Collected data

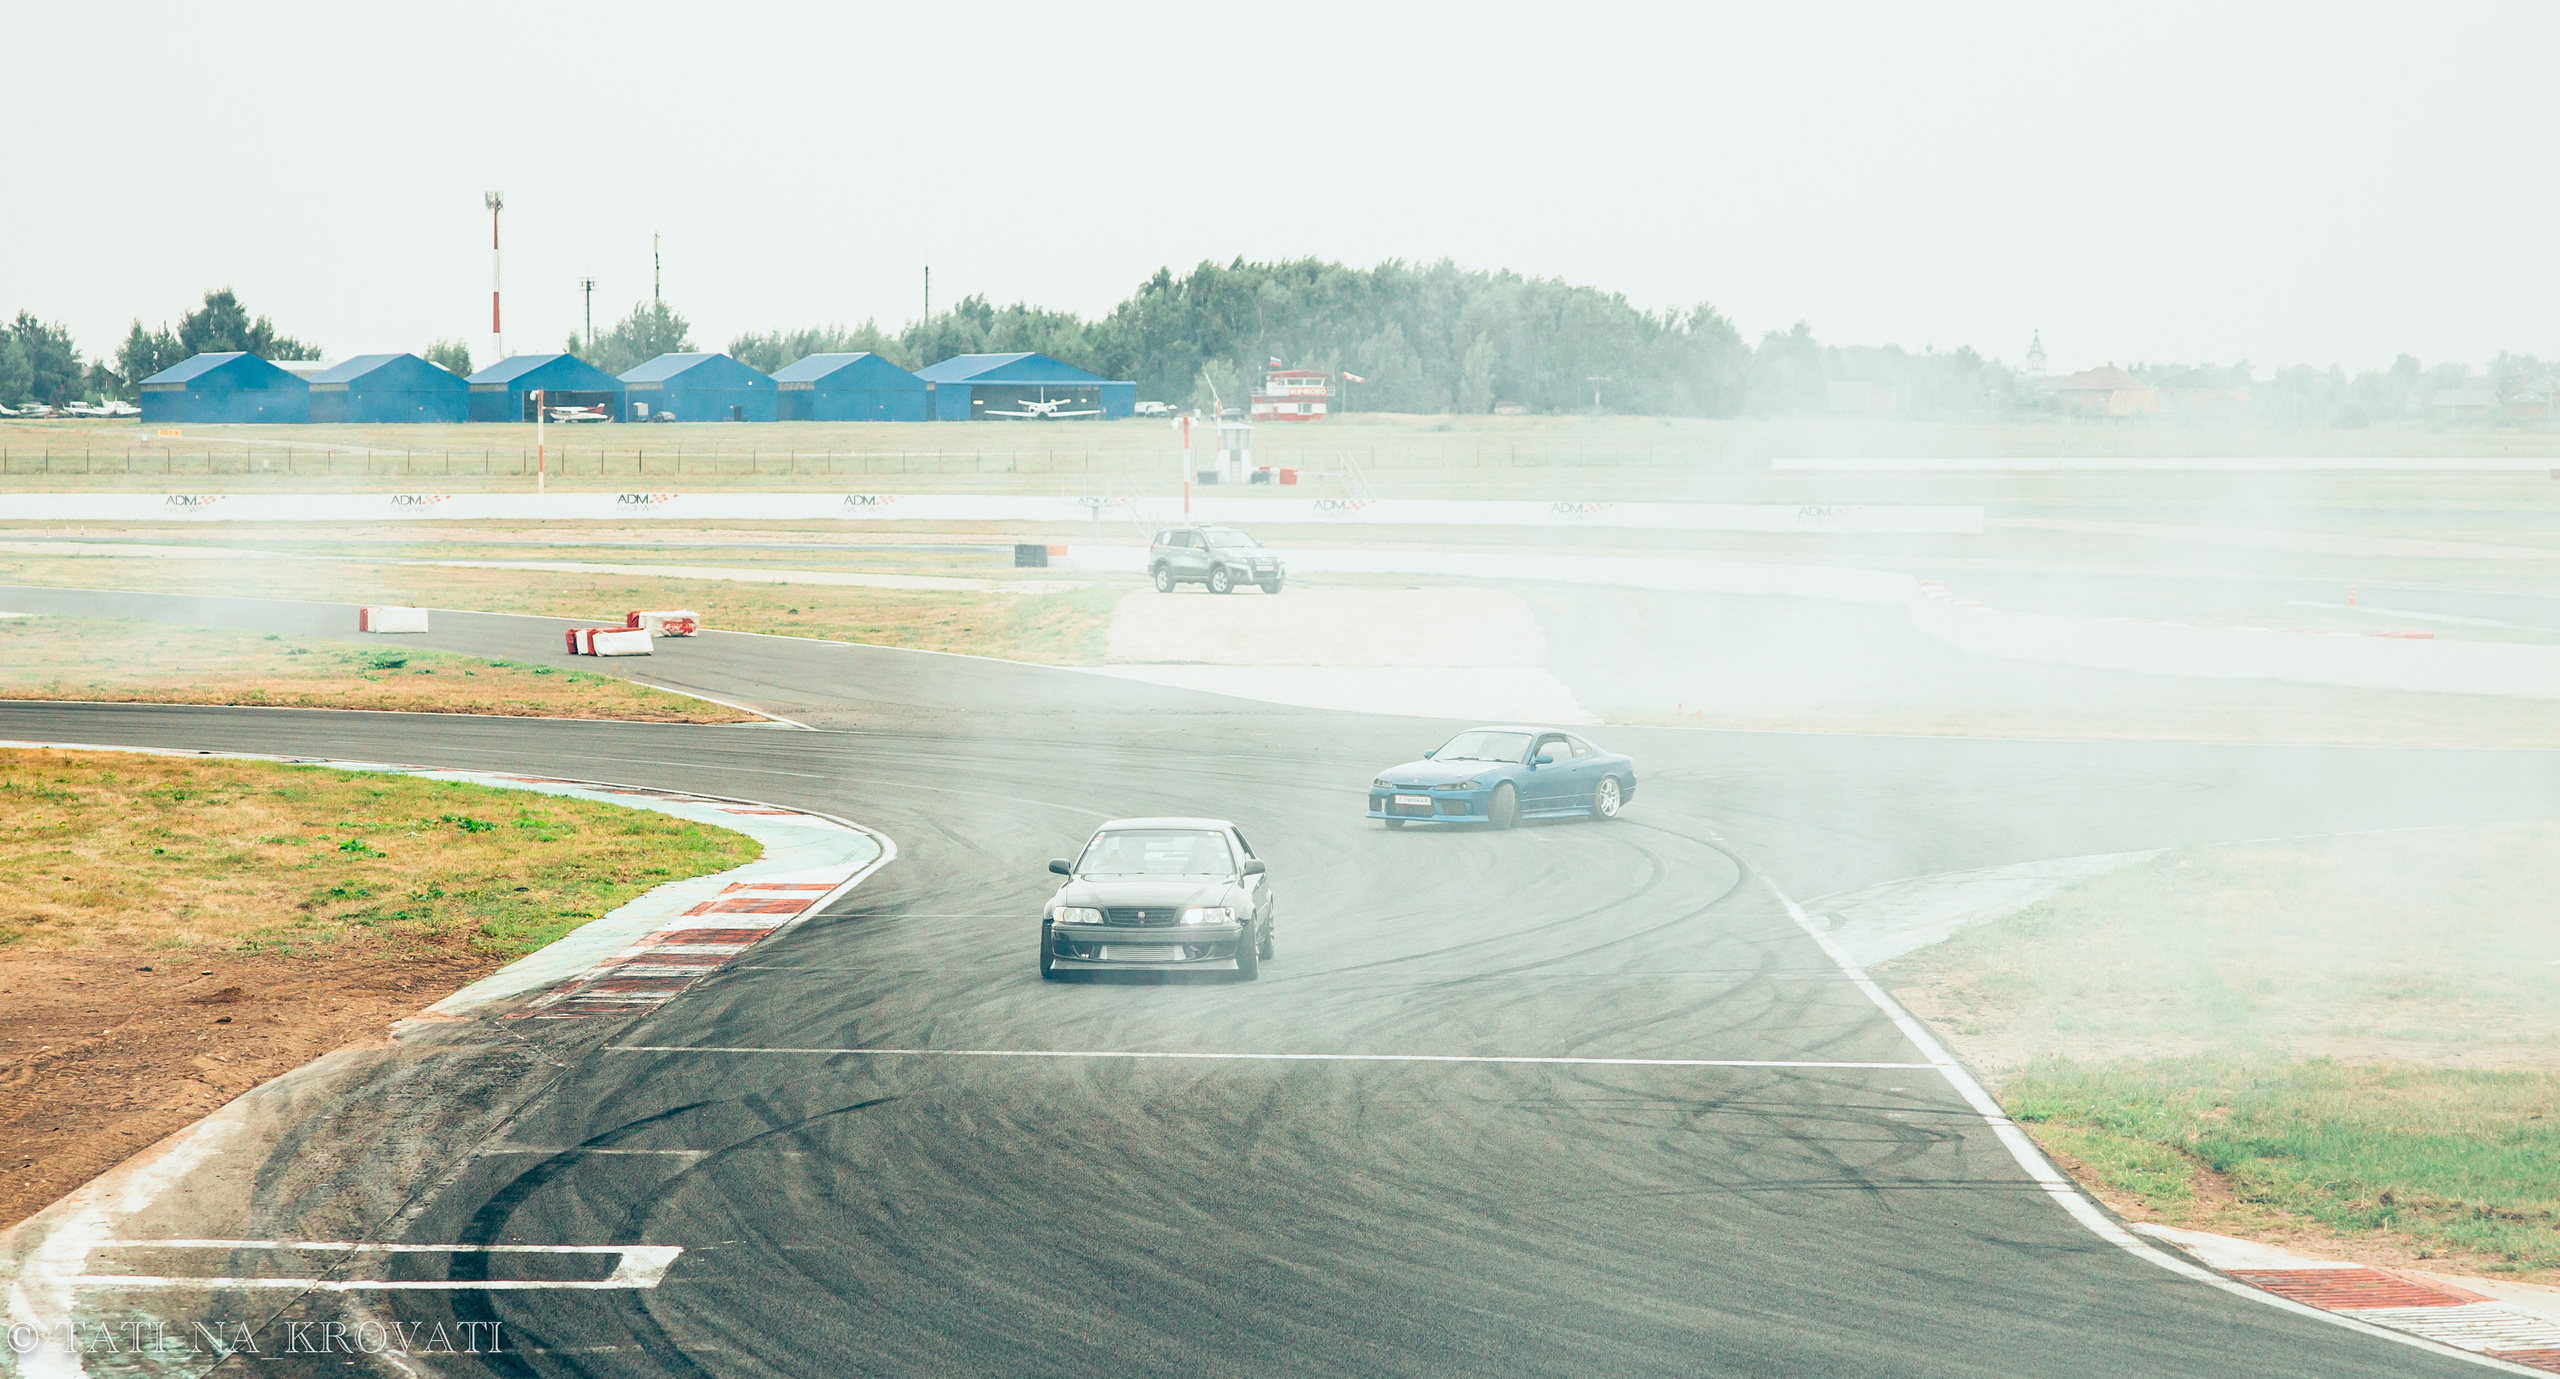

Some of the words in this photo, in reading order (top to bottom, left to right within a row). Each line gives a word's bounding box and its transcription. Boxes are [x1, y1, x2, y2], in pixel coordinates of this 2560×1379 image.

[1290, 387, 1326, 396] МЯЧКОВО
[166, 495, 197, 506] ADM
[391, 495, 422, 505] ADM
[617, 494, 649, 504] ADM
[844, 495, 876, 506] ADM
[165, 505, 208, 513] RACEWAY
[389, 505, 433, 513] RACEWAY
[617, 504, 660, 512] RACEWAY
[1314, 500, 1346, 510] ADM
[1550, 502, 1583, 513] ADM
[1798, 506, 1831, 517] ADM

What is being asked:
Your copy should be the entries retyped exactly, with no images in it.

Output for this task:
Some of the words in this photo, in reading order (top to bottom, left to right within a row). Each line gives a word's bounding box and its transcription. Boxes are [x1, y1, x2, y2], in pixel coordinates of this 2560×1379 image.

[1290, 387, 1326, 396] МЯЧКОВО
[166, 495, 197, 506] ADM
[391, 495, 422, 505] ADM
[617, 494, 649, 504] ADM
[844, 495, 876, 506] ADM
[165, 505, 208, 513] RACEWAY
[389, 505, 433, 513] RACEWAY
[617, 504, 660, 512] RACEWAY
[1314, 500, 1346, 510] ADM
[1550, 502, 1583, 513] ADM
[1798, 506, 1831, 517] ADM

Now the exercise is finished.